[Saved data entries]

****************************************

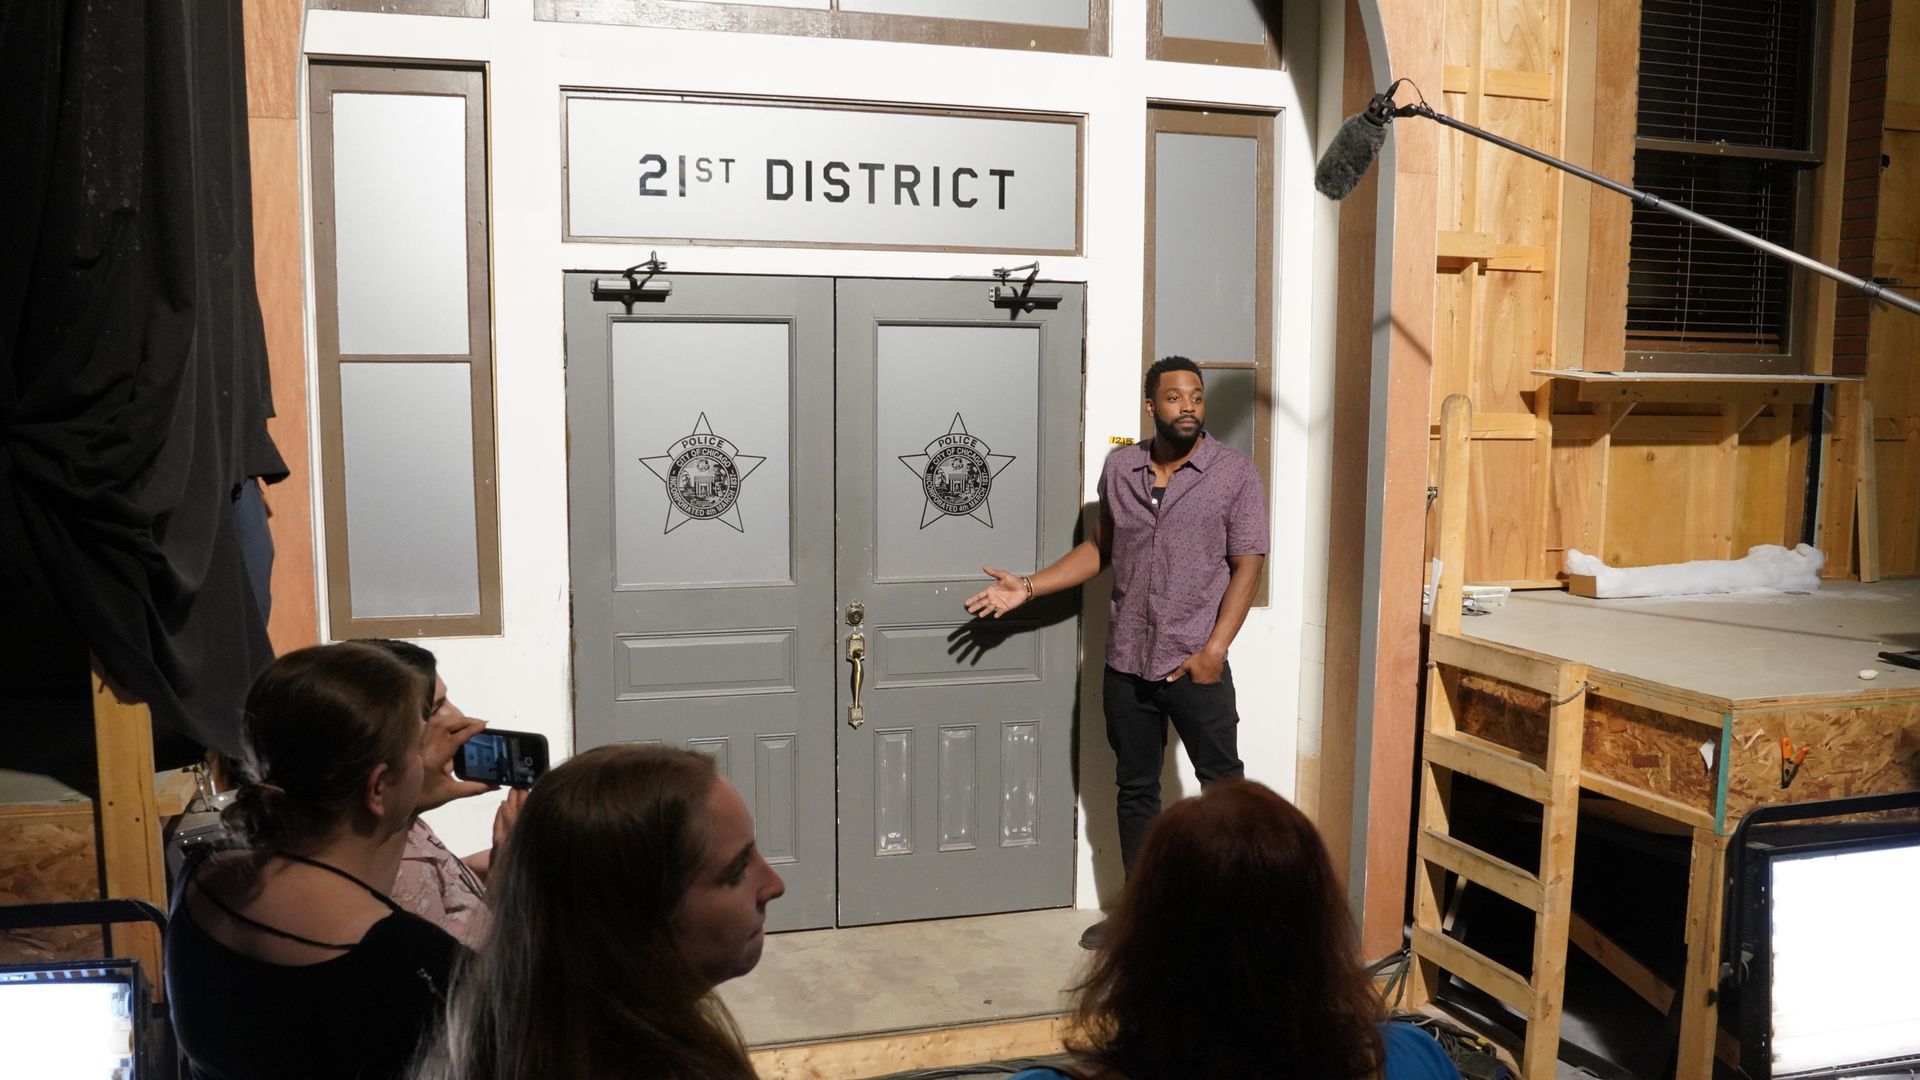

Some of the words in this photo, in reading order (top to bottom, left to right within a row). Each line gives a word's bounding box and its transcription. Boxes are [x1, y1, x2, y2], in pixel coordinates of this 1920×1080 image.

[638, 153, 735, 198] 21ST
[766, 158, 1015, 210] DISTRICT
[682, 437, 725, 448] POLICE
[938, 436, 978, 447] POLICE
[676, 452, 691, 467] CITY
[691, 449, 701, 457] OF
[702, 449, 731, 468] CHICAGO
[933, 451, 946, 465] CITY
[946, 448, 956, 456] OF
[957, 448, 984, 466] CHICAGO
[669, 475, 705, 516] INCORPORATED
[717, 490, 736, 512] MARCH
[925, 473, 958, 512] INCORPORATED
[958, 504, 969, 512] 4th
[969, 487, 986, 508] MARCH

****************************************

EXERCISE DESCRIPTION » From the first line to the last, output the data exactly; skip any pictures.

TASK SOLUTION »
Some of the words in this photo, in reading order (top to bottom, left to right within a row). Each line gives a word's bounding box and its transcription. Boxes are [x1, y1, x2, y2], in pixel coordinates of this 1920×1080 image.

[638, 153, 735, 198] 21ST
[766, 158, 1015, 210] DISTRICT
[682, 437, 725, 448] POLICE
[938, 436, 978, 447] POLICE
[676, 452, 691, 467] CITY
[691, 449, 701, 457] OF
[702, 449, 731, 468] CHICAGO
[933, 451, 946, 465] CITY
[946, 448, 956, 456] OF
[957, 448, 984, 466] CHICAGO
[669, 475, 705, 516] INCORPORATED
[717, 490, 736, 512] MARCH
[925, 473, 958, 512] INCORPORATED
[958, 504, 969, 512] 4th
[969, 487, 986, 508] MARCH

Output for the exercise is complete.